> Task description: Find the line containing "this 1419×1416 image." in the entries; transcribe it and all remaining lines through the end, exactly as they appear, but not the pictures.

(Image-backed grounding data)
*****

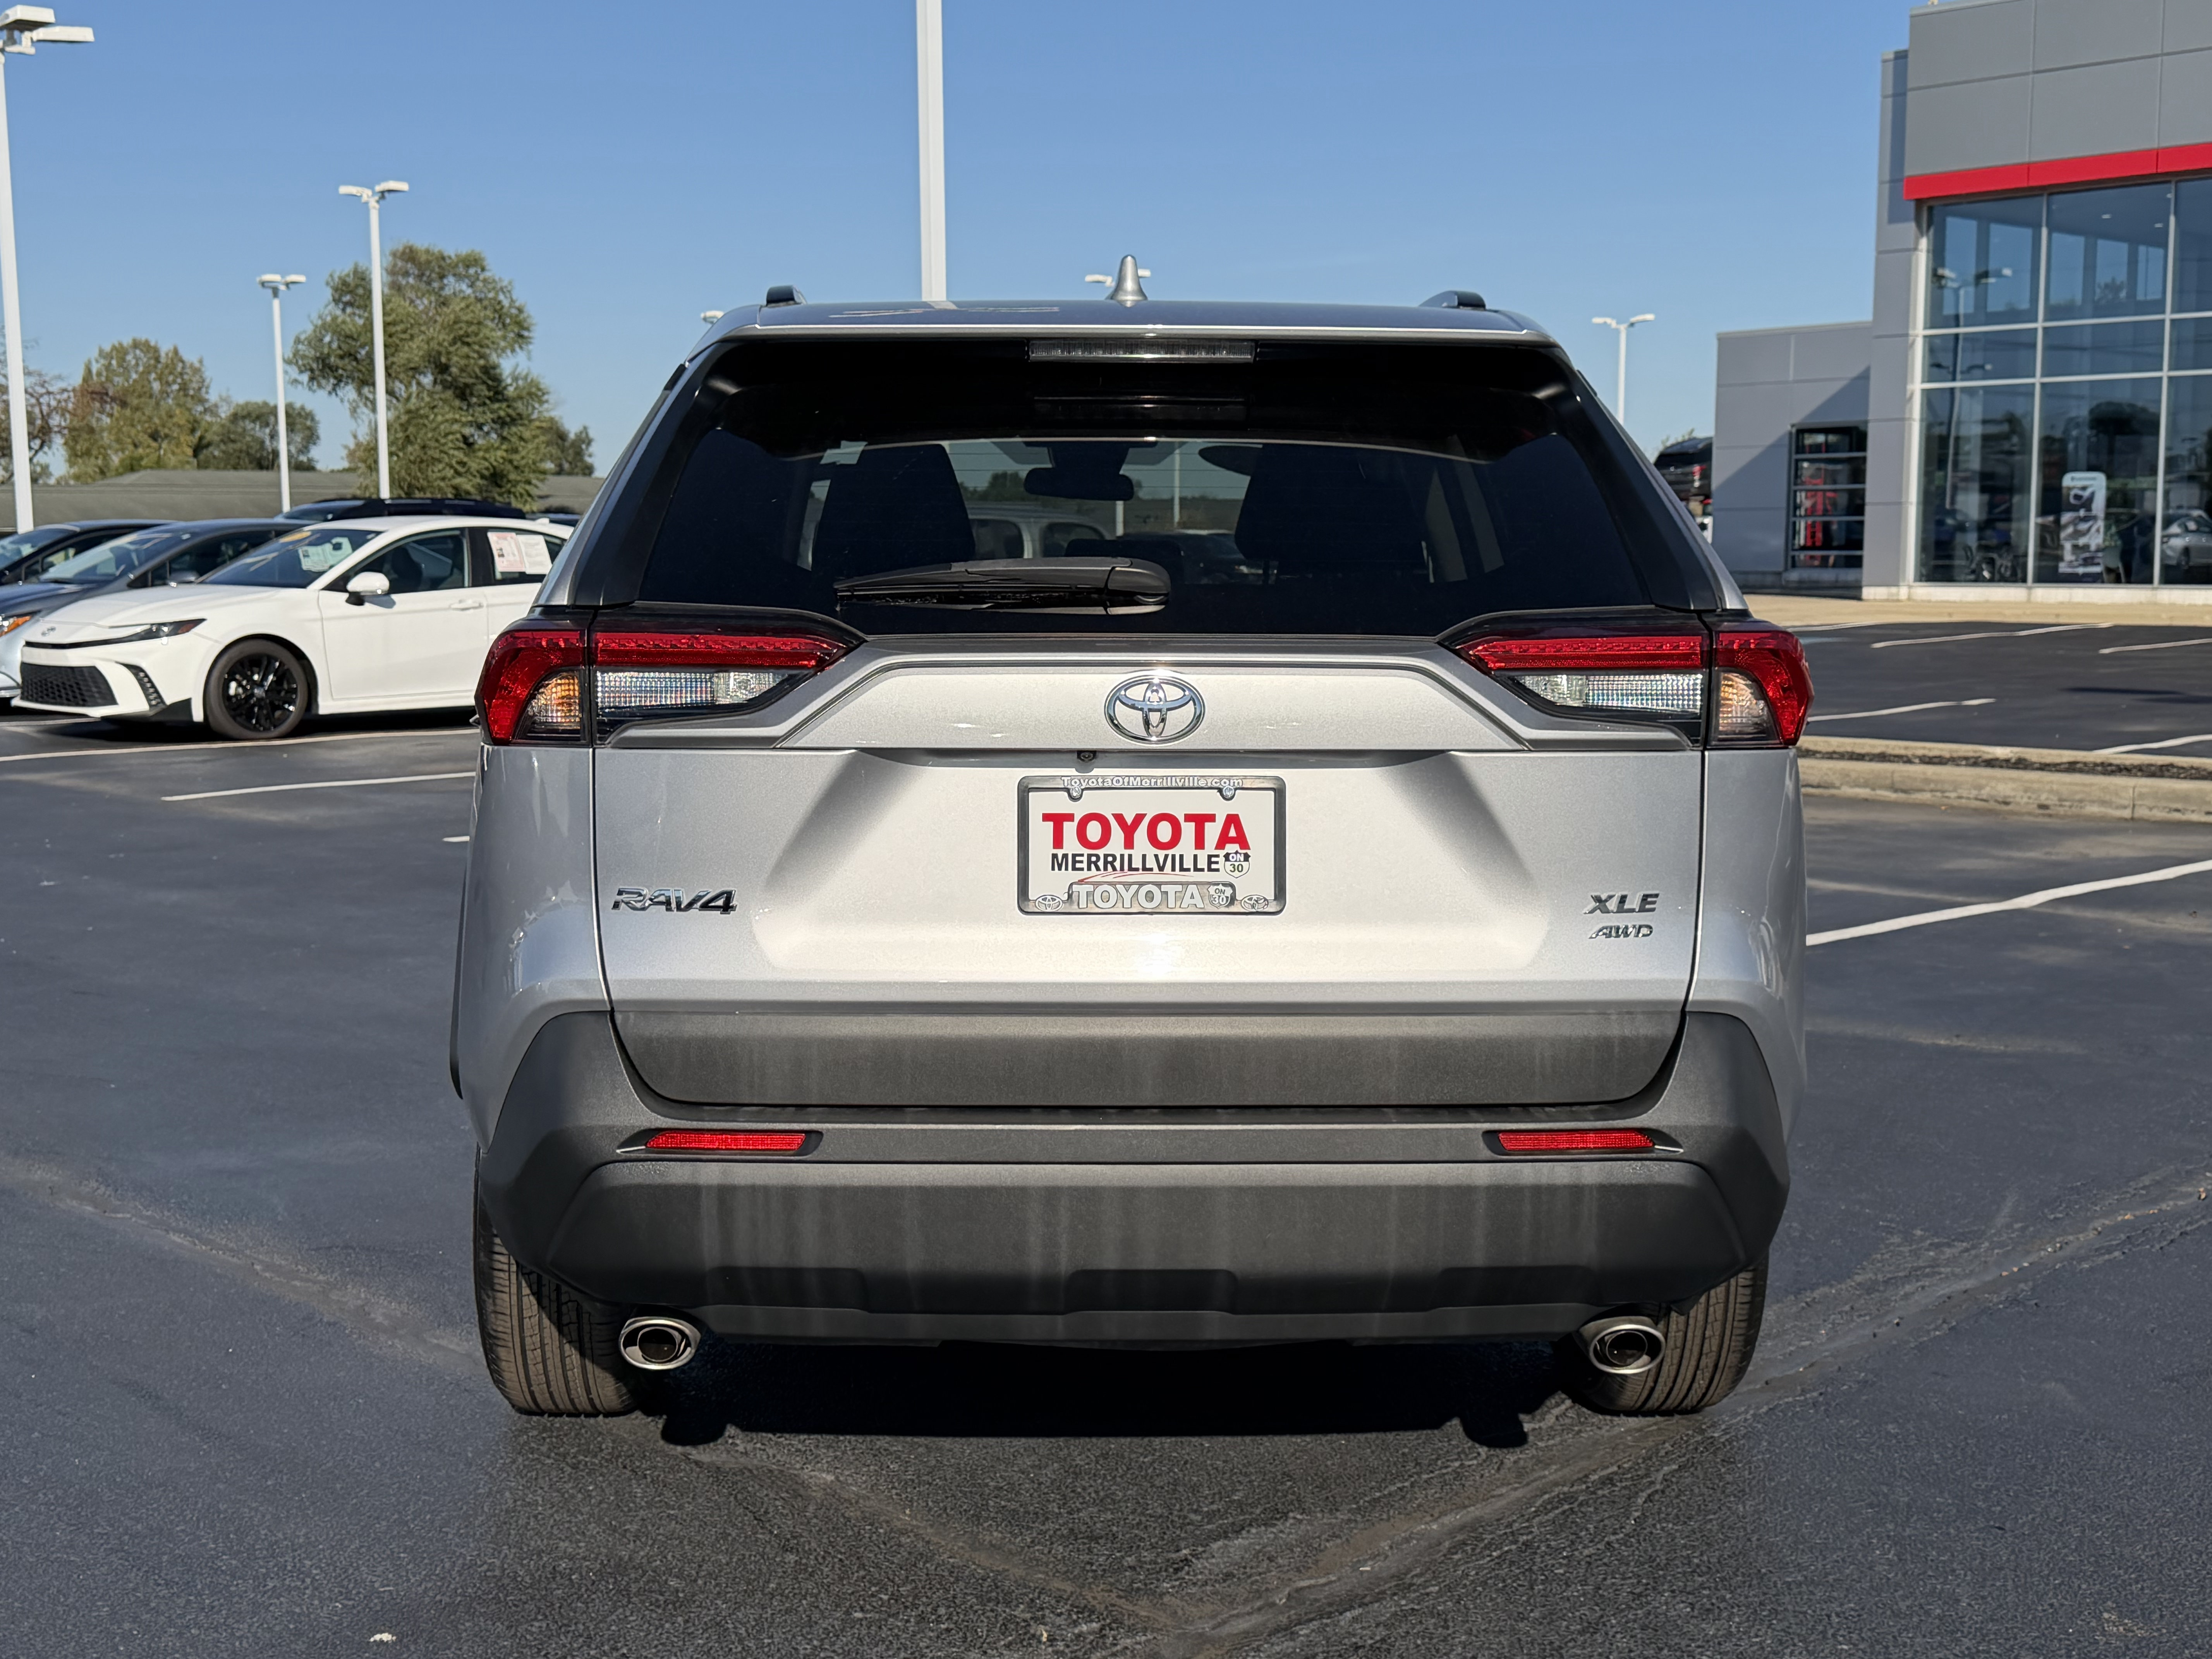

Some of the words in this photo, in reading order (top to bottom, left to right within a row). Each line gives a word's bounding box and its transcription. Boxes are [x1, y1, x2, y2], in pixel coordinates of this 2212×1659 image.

[1061, 776, 1243, 788] ToyotaOfMerrillville.com
[1042, 812, 1251, 850] TOYOTA
[1051, 853, 1220, 872] MERRILLVILLE
[1229, 854, 1244, 862] ON
[1230, 863, 1244, 873] 30
[611, 887, 738, 914] RAV4
[1072, 884, 1205, 909] TOYOTA
[1212, 895, 1226, 905] 30
[1583, 891, 1660, 915] XLE
[1588, 924, 1654, 939] AWD
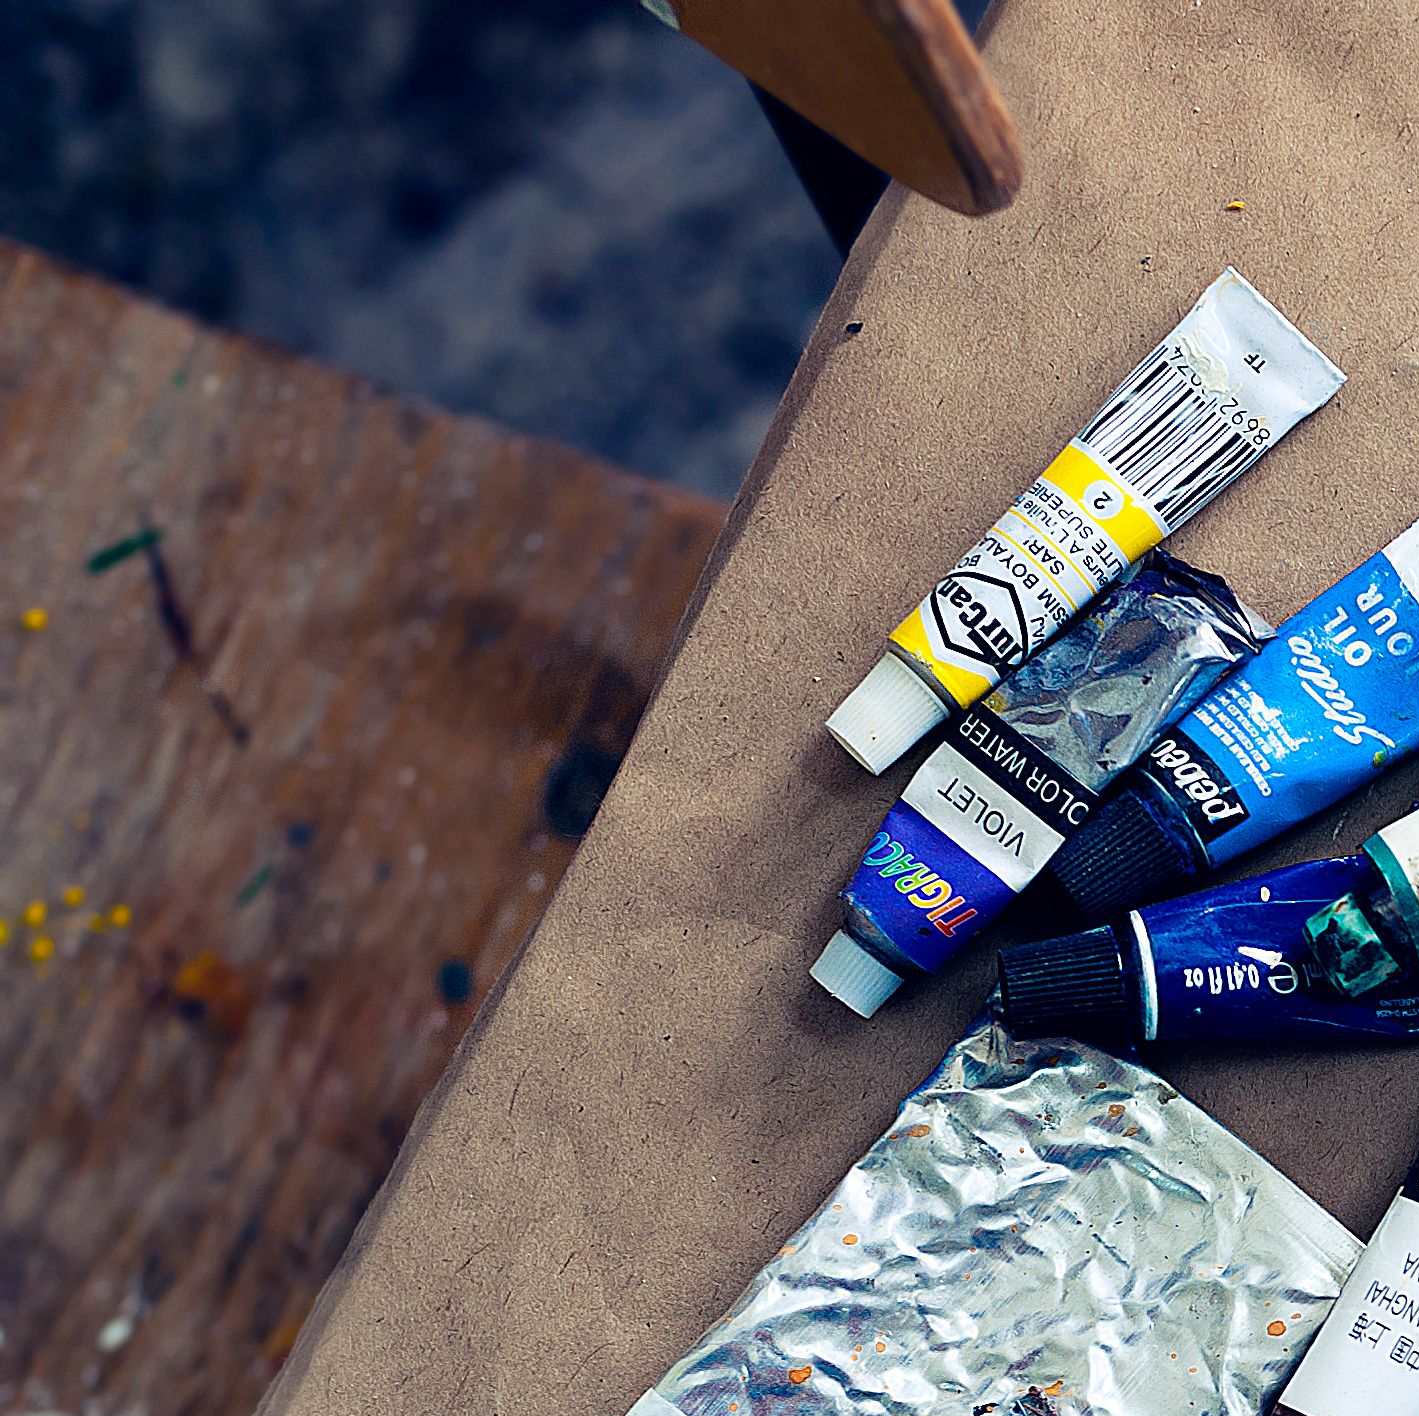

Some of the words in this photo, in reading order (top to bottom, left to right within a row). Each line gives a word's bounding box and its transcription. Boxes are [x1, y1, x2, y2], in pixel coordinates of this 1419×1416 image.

[1244, 355, 1265, 373] TF
[1220, 397, 1270, 445] 8692
[1091, 489, 1113, 511] 2
[1068, 539, 1084, 555] A
[1330, 607, 1370, 666] OIL
[1288, 636, 1395, 747] Studio
[960, 714, 1026, 778] WATER
[938, 778, 1024, 856] VIOLET
[1184, 968, 1203, 987] oz
[1226, 963, 1259, 990] 0.41
[1349, 1313, 1391, 1344] 上海
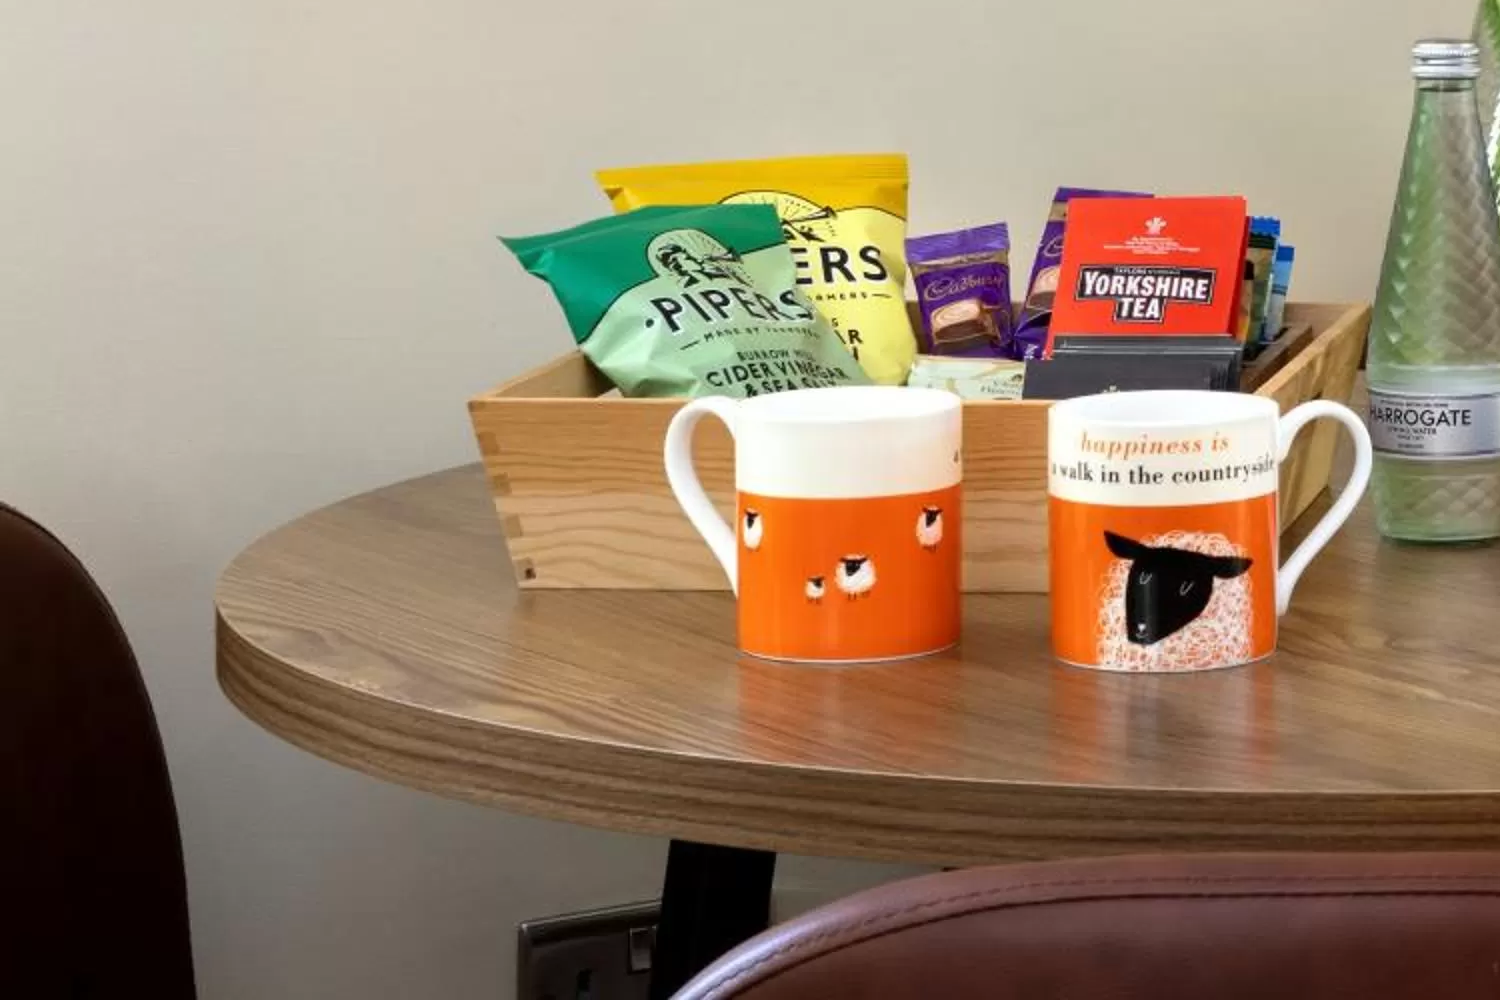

*****

> Solution for this problem:
Some of the words in this photo, in reading order (top to bottom, left to right within a row). Each line gives a word's bounding box and its transcription. Boxes are [x1, y1, x2, y2], in pixel coordinates of this 1419×1416 image.

[1244, 355, 1265, 373] TF
[1220, 397, 1270, 445] 8692
[1091, 489, 1113, 511] 2
[1068, 539, 1084, 555] A
[1330, 607, 1370, 666] OIL
[1288, 636, 1395, 747] Studio
[960, 714, 1026, 778] WATER
[938, 778, 1024, 856] VIOLET
[1184, 968, 1203, 987] oz
[1226, 963, 1259, 990] 0.41
[1349, 1313, 1391, 1344] 上海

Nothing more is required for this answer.